■ SUPPLIED INFORMATION:
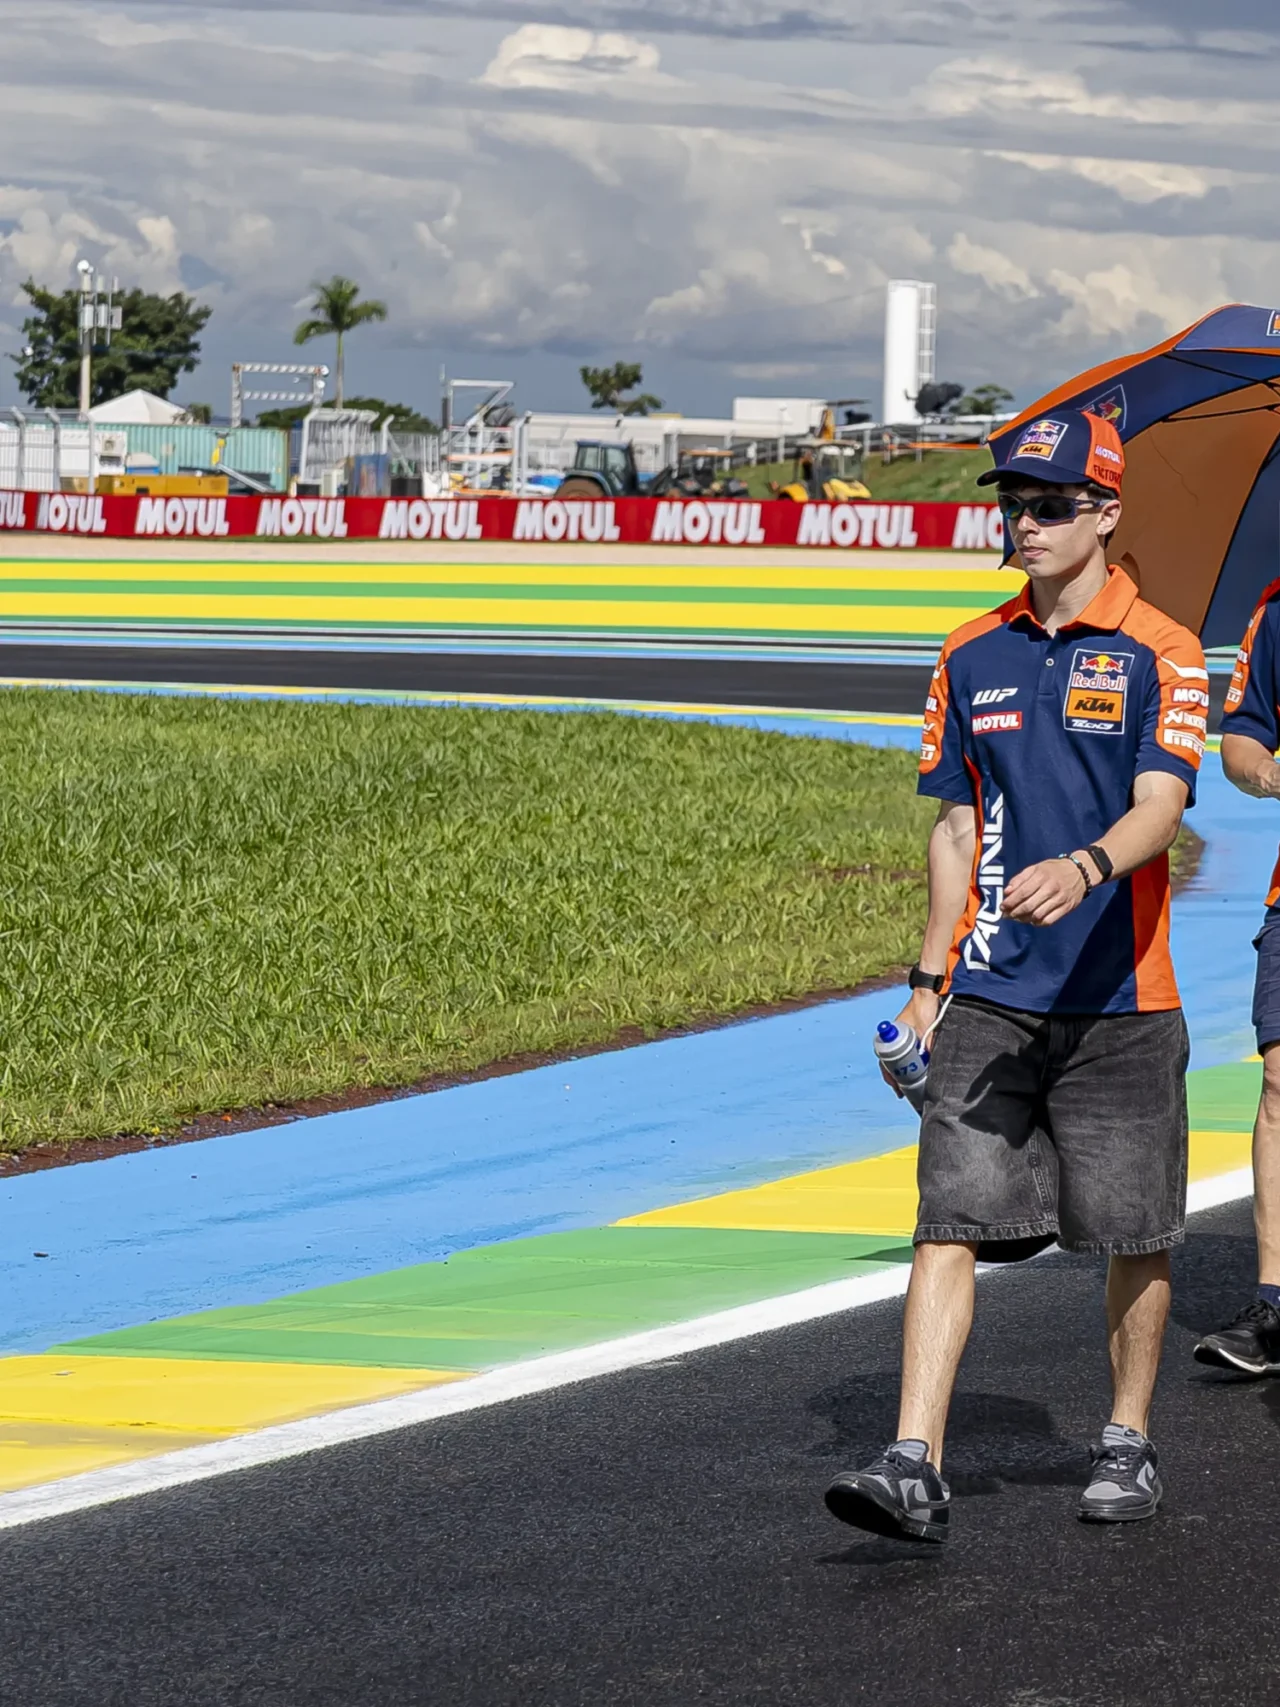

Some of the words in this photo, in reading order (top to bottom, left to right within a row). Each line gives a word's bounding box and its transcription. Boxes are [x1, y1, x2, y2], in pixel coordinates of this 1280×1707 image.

[134, 496, 230, 536] MOTUL
[255, 498, 349, 538] MOTUL
[378, 499, 483, 540] MOTUL
[513, 500, 621, 543] MOTUL
[651, 500, 766, 545] MOTUL
[796, 503, 918, 547] MOTUL
[971, 687, 1019, 706] WP
[1071, 672, 1100, 689] Red
[1099, 674, 1128, 692] Bull
[972, 713, 1020, 733] MOTUL
[1074, 697, 1116, 714] KTM

■ YOUR ASSIGNMENT: Exact copy, no pictures: reproduce every entry shown above.

■ FINISHED TASK:
Some of the words in this photo, in reading order (top to bottom, left to right within a row). Each line gives a word's bounding box and its transcription. Boxes are [x1, y1, x2, y2], in pixel coordinates of this 1280×1707 image.

[134, 496, 230, 536] MOTUL
[255, 498, 349, 538] MOTUL
[378, 499, 483, 540] MOTUL
[513, 500, 621, 543] MOTUL
[651, 500, 766, 545] MOTUL
[796, 503, 918, 547] MOTUL
[971, 687, 1019, 706] WP
[1071, 672, 1100, 689] Red
[1099, 674, 1128, 692] Bull
[972, 713, 1020, 733] MOTUL
[1074, 697, 1116, 714] KTM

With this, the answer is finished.